To do ▸ Make the copy match the entries below exactly, with no pictures carried over.

Input for this task ▸
↓↓↓
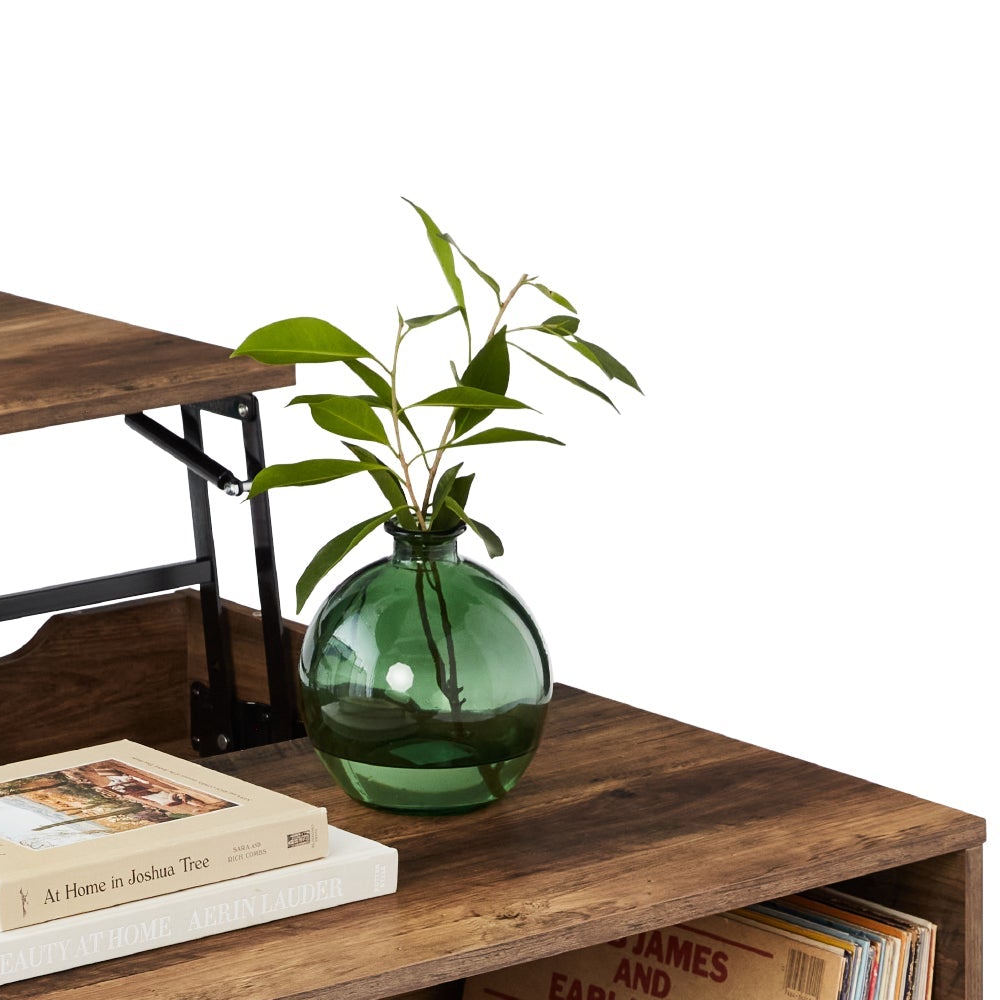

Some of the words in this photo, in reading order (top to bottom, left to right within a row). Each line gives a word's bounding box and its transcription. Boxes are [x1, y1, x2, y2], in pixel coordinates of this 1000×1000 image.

[44, 888, 61, 904] At
[65, 881, 107, 900] Home
[111, 876, 124, 890] in
[128, 865, 176, 886] Joshua
[178, 856, 211, 873] Tree
[70, 932, 106, 961] AT
[107, 916, 172, 951] HOME
[187, 897, 256, 932] AERIN
[260, 877, 344, 915] LAUDER
[613, 957, 671, 999] AND
[631, 930, 729, 984] JAMES
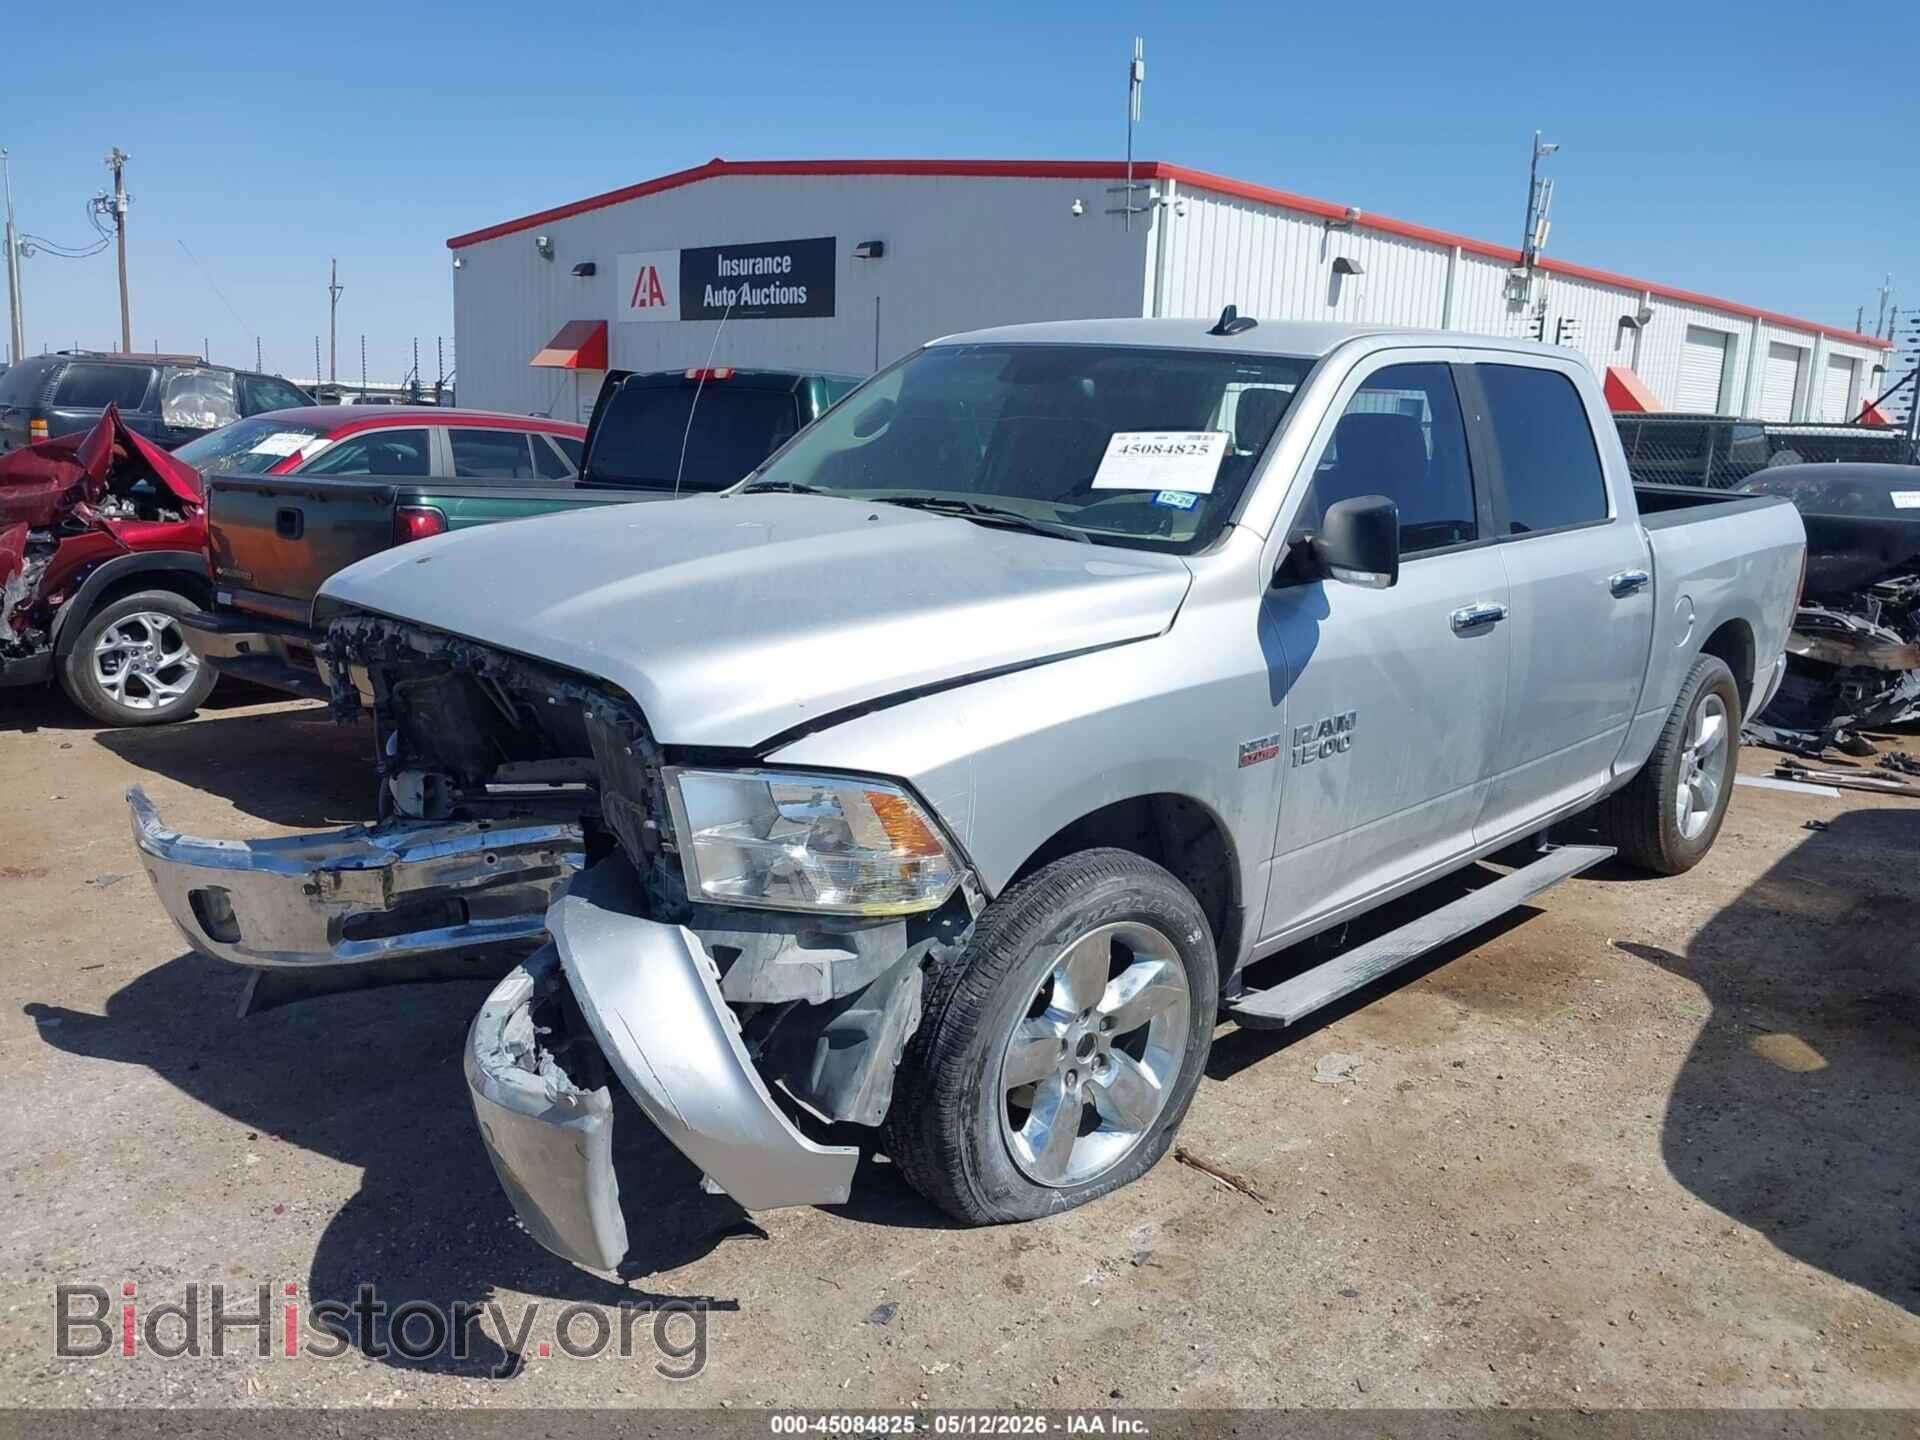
↑↑↑
Answer to this task ▸
Some of the words in this photo, in reading order (top to bottom, left to right within a row). Each line gives a word's bounding box and its transcription. Boxes are [x1, y1, x2, y2], in pixel coordinates of this 1000×1000 image.

[44, 888, 61, 904] At
[65, 881, 107, 900] Home
[111, 876, 124, 890] in
[128, 865, 176, 886] Joshua
[178, 856, 211, 873] Tree
[70, 932, 106, 961] AT
[107, 916, 172, 951] HOME
[187, 897, 256, 932] AERIN
[260, 877, 344, 915] LAUDER
[613, 957, 671, 999] AND
[631, 930, 729, 984] JAMES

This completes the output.